_Problem details:_
Restate the records in their entirety, word for word.

_Records:_
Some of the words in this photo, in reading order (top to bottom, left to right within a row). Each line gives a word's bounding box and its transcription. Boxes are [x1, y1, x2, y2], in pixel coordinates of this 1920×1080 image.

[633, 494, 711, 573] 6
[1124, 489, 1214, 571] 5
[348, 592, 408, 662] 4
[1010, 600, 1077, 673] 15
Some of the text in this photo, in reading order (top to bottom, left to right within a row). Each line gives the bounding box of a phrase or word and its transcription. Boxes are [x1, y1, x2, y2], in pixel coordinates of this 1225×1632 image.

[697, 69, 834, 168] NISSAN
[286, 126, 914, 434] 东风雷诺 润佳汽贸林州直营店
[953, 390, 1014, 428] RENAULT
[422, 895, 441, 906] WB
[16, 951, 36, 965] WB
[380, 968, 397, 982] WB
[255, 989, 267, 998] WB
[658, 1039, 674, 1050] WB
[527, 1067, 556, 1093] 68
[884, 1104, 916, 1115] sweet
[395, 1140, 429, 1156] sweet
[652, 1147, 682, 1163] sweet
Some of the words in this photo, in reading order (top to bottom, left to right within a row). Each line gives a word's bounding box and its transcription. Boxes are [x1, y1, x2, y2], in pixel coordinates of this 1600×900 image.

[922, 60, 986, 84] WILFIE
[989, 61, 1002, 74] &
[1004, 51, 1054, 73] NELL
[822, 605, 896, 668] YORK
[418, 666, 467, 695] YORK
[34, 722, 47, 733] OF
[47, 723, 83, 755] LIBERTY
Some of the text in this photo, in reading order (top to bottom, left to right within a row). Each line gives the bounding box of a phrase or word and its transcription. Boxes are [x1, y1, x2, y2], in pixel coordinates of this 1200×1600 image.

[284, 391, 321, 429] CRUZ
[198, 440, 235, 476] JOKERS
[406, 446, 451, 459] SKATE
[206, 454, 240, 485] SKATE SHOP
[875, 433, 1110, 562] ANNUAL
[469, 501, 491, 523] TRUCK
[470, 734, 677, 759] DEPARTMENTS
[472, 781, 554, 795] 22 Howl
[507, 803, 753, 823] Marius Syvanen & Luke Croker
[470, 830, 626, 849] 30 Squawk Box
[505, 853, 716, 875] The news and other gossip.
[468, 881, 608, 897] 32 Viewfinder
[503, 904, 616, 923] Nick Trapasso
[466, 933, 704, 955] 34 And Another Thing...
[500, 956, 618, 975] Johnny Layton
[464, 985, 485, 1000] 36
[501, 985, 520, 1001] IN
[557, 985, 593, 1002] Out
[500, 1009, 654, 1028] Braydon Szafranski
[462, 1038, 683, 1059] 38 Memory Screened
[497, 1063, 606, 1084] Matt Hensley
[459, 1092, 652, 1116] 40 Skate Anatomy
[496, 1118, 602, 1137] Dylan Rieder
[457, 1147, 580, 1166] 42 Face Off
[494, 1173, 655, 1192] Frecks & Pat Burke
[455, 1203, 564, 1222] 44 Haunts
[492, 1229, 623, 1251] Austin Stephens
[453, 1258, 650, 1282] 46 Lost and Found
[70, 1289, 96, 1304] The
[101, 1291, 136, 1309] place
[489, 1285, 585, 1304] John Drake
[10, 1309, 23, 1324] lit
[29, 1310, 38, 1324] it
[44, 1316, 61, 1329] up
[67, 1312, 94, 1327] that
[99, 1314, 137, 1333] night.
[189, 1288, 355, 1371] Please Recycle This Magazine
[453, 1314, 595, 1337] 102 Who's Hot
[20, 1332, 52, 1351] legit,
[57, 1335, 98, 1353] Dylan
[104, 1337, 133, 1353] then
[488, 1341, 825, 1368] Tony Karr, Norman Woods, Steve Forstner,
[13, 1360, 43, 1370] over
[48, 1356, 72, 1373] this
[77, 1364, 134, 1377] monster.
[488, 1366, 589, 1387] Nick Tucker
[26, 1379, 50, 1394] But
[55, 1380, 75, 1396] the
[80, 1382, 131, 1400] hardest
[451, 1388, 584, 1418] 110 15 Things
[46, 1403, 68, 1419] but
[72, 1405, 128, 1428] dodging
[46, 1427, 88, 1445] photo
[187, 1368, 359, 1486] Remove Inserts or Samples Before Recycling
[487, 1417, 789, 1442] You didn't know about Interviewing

_Written answer:_
Some of the words in this photo, in reading order (top to bottom, left to right within a row). Each line gives a word's bounding box and its transcription. Boxes are [x1, y1, x2, y2], in pixel coordinates of this 1920×1080 image.

[633, 494, 711, 573] 6
[1124, 489, 1214, 571] 5
[348, 592, 408, 662] 4
[1010, 600, 1077, 673] 15
Some of the text in this photo, in reading order (top to bottom, left to right within a row). Each line gives the bounding box of a phrase or word and its transcription. Boxes are [x1, y1, x2, y2], in pixel coordinates of this 1225×1632 image.

[697, 69, 834, 168] NISSAN
[286, 126, 914, 434] 东风雷诺 润佳汽贸林州直营店
[953, 390, 1014, 428] RENAULT
[422, 895, 441, 906] WB
[16, 951, 36, 965] WB
[380, 968, 397, 982] WB
[255, 989, 267, 998] WB
[658, 1039, 674, 1050] WB
[527, 1067, 556, 1093] 68
[884, 1104, 916, 1115] sweet
[395, 1140, 429, 1156] sweet
[652, 1147, 682, 1163] sweet
Some of the words in this photo, in reading order (top to bottom, left to right within a row). Each line gives a word's bounding box and its transcription. Boxes are [x1, y1, x2, y2], in pixel coordinates of this 1600×900 image.

[922, 60, 986, 84] WILFIE
[989, 61, 1002, 74] &
[1004, 51, 1054, 73] NELL
[822, 605, 896, 668] YORK
[418, 666, 467, 695] YORK
[34, 722, 47, 733] OF
[47, 723, 83, 755] LIBERTY
Some of the text in this photo, in reading order (top to bottom, left to right within a row). Each line gives the bounding box of a phrase or word and its transcription. Boxes are [x1, y1, x2, y2], in pixel coordinates of this 1200×1600 image.

[284, 391, 321, 429] CRUZ
[198, 440, 235, 476] JOKERS
[406, 446, 451, 459] SKATE
[206, 454, 240, 485] SKATE SHOP
[875, 433, 1110, 562] ANNUAL
[469, 501, 491, 523] TRUCK
[470, 734, 677, 759] DEPARTMENTS
[472, 781, 554, 795] 22 Howl
[507, 803, 753, 823] Marius Syvanen & Luke Croker
[470, 830, 626, 849] 30 Squawk Box
[505, 853, 716, 875] The news and other gossip.
[468, 881, 608, 897] 32 Viewfinder
[503, 904, 616, 923] Nick Trapasso
[466, 933, 704, 955] 34 And Another Thing...
[500, 956, 618, 975] Johnny Layton
[464, 985, 485, 1000] 36
[501, 985, 520, 1001] IN
[557, 985, 593, 1002] Out
[500, 1009, 654, 1028] Braydon Szafranski
[462, 1038, 683, 1059] 38 Memory Screened
[497, 1063, 606, 1084] Matt Hensley
[459, 1092, 652, 1116] 40 Skate Anatomy
[496, 1118, 602, 1137] Dylan Rieder
[457, 1147, 580, 1166] 42 Face Off
[494, 1173, 655, 1192] Frecks & Pat Burke
[455, 1203, 564, 1222] 44 Haunts
[492, 1229, 623, 1251] Austin Stephens
[453, 1258, 650, 1282] 46 Lost and Found
[70, 1289, 96, 1304] The
[101, 1291, 136, 1309] place
[489, 1285, 585, 1304] John Drake
[10, 1309, 23, 1324] lit
[29, 1310, 38, 1324] it
[44, 1316, 61, 1329] up
[67, 1312, 94, 1327] that
[99, 1314, 137, 1333] night.
[189, 1288, 355, 1371] Please Recycle This Magazine
[453, 1314, 595, 1337] 102 Who's Hot
[20, 1332, 52, 1351] legit,
[57, 1335, 98, 1353] Dylan
[104, 1337, 133, 1353] then
[488, 1341, 825, 1368] Tony Karr, Norman Woods, Steve Forstner,
[13, 1360, 43, 1370] over
[48, 1356, 72, 1373] this
[77, 1364, 134, 1377] monster.
[488, 1366, 589, 1387] Nick Tucker
[26, 1379, 50, 1394] But
[55, 1380, 75, 1396] the
[80, 1382, 131, 1400] hardest
[451, 1388, 584, 1418] 110 15 Things
[46, 1403, 68, 1419] but
[72, 1405, 128, 1428] dodging
[46, 1427, 88, 1445] photo
[187, 1368, 359, 1486] Remove Inserts or Samples Before Recycling
[487, 1417, 789, 1442] You didn't know about Interviewing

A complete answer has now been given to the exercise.